▸ TASK TO CARRY OUT
Every record below must be retyped exactly, with the pictures left out.

⟨

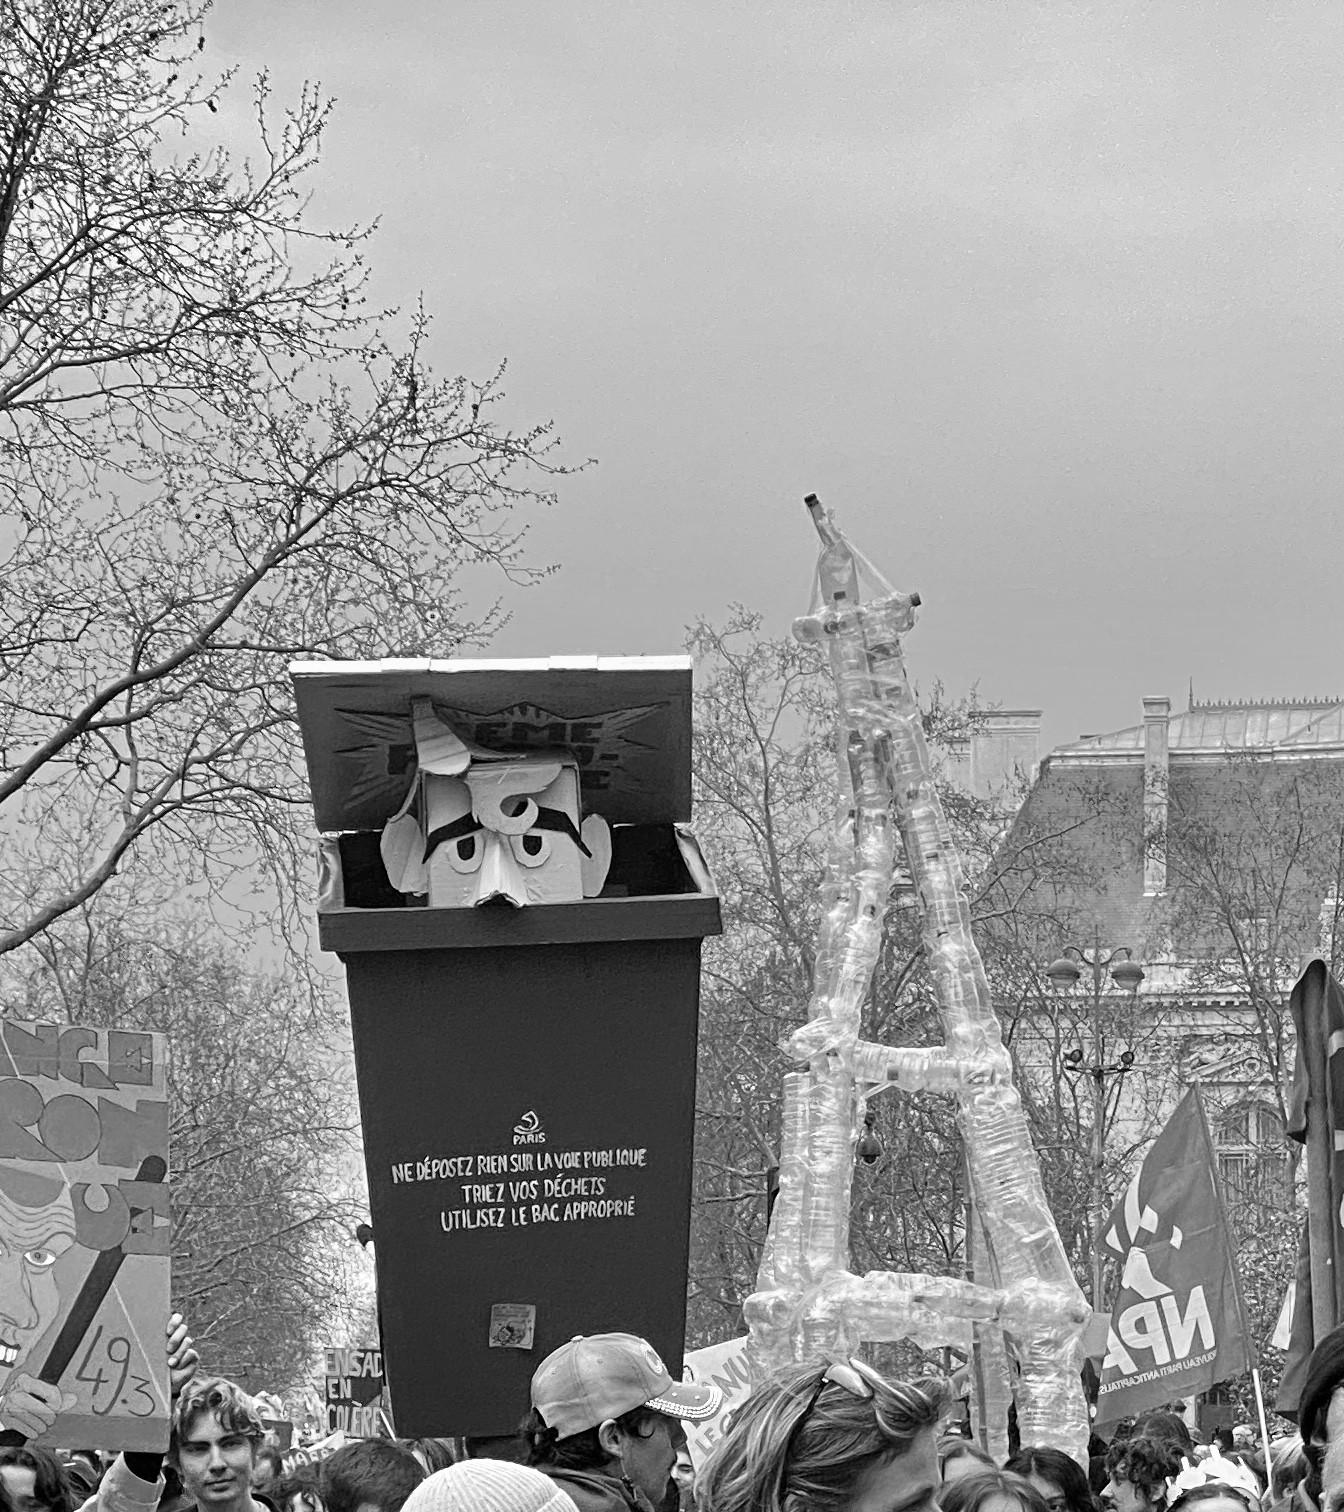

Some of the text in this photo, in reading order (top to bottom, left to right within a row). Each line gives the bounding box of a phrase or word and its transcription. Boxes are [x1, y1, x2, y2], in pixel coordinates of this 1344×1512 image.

[513, 1132, 546, 1145] PARIS
[392, 1148, 647, 1184] NE DÉPOSEZ RIEN SUR LA VOIE PUBLIQUE
[461, 1173, 606, 1204] TRIEZ VOS DÉCHETS
[441, 1195, 636, 1232] UTILISEZ LE BAC APPROPRIÉ
[76, 1325, 156, 1417] 49.3
[328, 1378, 352, 1399] EN
[327, 1400, 382, 1438] COLÈRE

⟩

▸ EXERCISE RESPONSE
Some of the text in this photo, in reading order (top to bottom, left to right within a row). Each line gives the bounding box of a phrase or word and its transcription. Boxes are [x1, y1, x2, y2], in pixel coordinates of this 1344×1512 image.

[513, 1132, 546, 1145] PARIS
[392, 1148, 647, 1184] NE DÉPOSEZ RIEN SUR LA VOIE PUBLIQUE
[461, 1173, 606, 1204] TRIEZ VOS DÉCHETS
[441, 1195, 636, 1232] UTILISEZ LE BAC APPROPRIÉ
[76, 1325, 156, 1417] 49.3
[328, 1378, 352, 1399] EN
[327, 1400, 382, 1438] COLÈRE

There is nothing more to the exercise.